• **Assignment**
Search the records below for "this 1904×1428 image.". Return that line and all remaining lines exactly.

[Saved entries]
========================================

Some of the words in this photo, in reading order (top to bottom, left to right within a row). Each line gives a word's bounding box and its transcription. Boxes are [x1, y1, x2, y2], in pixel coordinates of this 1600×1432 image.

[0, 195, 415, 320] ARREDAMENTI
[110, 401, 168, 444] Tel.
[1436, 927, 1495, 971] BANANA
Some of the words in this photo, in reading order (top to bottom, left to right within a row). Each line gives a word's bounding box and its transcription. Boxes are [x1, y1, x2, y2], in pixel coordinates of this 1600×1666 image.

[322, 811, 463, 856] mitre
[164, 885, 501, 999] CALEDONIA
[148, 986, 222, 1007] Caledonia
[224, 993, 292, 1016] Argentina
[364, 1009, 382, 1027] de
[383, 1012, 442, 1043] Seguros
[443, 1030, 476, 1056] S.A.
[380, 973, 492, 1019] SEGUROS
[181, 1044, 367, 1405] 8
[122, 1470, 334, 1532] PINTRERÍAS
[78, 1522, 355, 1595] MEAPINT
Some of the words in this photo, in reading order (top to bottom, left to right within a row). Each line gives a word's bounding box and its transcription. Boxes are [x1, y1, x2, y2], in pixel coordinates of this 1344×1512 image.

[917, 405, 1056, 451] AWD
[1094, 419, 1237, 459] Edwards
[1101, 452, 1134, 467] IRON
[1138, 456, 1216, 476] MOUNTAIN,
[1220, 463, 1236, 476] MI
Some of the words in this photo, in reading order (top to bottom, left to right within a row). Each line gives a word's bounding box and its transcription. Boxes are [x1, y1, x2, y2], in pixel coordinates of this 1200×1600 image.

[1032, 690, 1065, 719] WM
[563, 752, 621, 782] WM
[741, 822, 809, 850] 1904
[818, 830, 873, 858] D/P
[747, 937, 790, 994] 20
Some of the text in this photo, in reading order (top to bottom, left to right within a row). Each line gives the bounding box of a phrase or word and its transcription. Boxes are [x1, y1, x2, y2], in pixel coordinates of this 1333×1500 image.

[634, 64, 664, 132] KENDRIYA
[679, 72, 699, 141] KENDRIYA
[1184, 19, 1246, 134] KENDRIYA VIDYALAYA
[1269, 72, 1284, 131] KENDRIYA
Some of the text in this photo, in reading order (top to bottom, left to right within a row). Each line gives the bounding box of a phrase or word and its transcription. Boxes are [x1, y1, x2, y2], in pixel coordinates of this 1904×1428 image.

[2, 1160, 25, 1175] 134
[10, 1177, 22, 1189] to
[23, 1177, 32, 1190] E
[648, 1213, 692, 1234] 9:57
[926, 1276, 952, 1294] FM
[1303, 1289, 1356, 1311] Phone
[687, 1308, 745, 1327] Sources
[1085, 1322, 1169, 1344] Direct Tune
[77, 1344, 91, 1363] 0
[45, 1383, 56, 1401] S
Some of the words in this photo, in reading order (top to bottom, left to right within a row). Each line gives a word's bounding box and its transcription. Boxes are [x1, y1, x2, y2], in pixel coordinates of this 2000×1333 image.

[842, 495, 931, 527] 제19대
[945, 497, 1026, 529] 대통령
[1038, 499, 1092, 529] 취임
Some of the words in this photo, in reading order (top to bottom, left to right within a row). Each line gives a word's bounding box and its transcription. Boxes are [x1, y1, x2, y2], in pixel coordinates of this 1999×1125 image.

========================================

• **Task result**
Some of the text in this photo, in reading order (top to bottom, left to right within a row). Each line gives the bounding box of a phrase or word and its transcription. Boxes are [x1, y1, x2, y2], in pixel coordinates of this 1904×1428 image.

[2, 1160, 25, 1175] 134
[10, 1177, 22, 1189] to
[23, 1177, 32, 1190] E
[648, 1213, 692, 1234] 9:57
[926, 1276, 952, 1294] FM
[1303, 1289, 1356, 1311] Phone
[687, 1308, 745, 1327] Sources
[1085, 1322, 1169, 1344] Direct Tune
[77, 1344, 91, 1363] 0
[45, 1383, 56, 1401] S
Some of the words in this photo, in reading order (top to bottom, left to right within a row). Each line gives a word's bounding box and its transcription. Boxes are [x1, y1, x2, y2], in pixel coordinates of this 2000×1333 image.

[842, 495, 931, 527] 제19대
[945, 497, 1026, 529] 대통령
[1038, 499, 1092, 529] 취임
Some of the words in this photo, in reading order (top to bottom, left to right within a row). Each line gives a word's bounding box and its transcription. Boxes are [x1, y1, x2, y2], in pixel coordinates of this 1999×1125 image.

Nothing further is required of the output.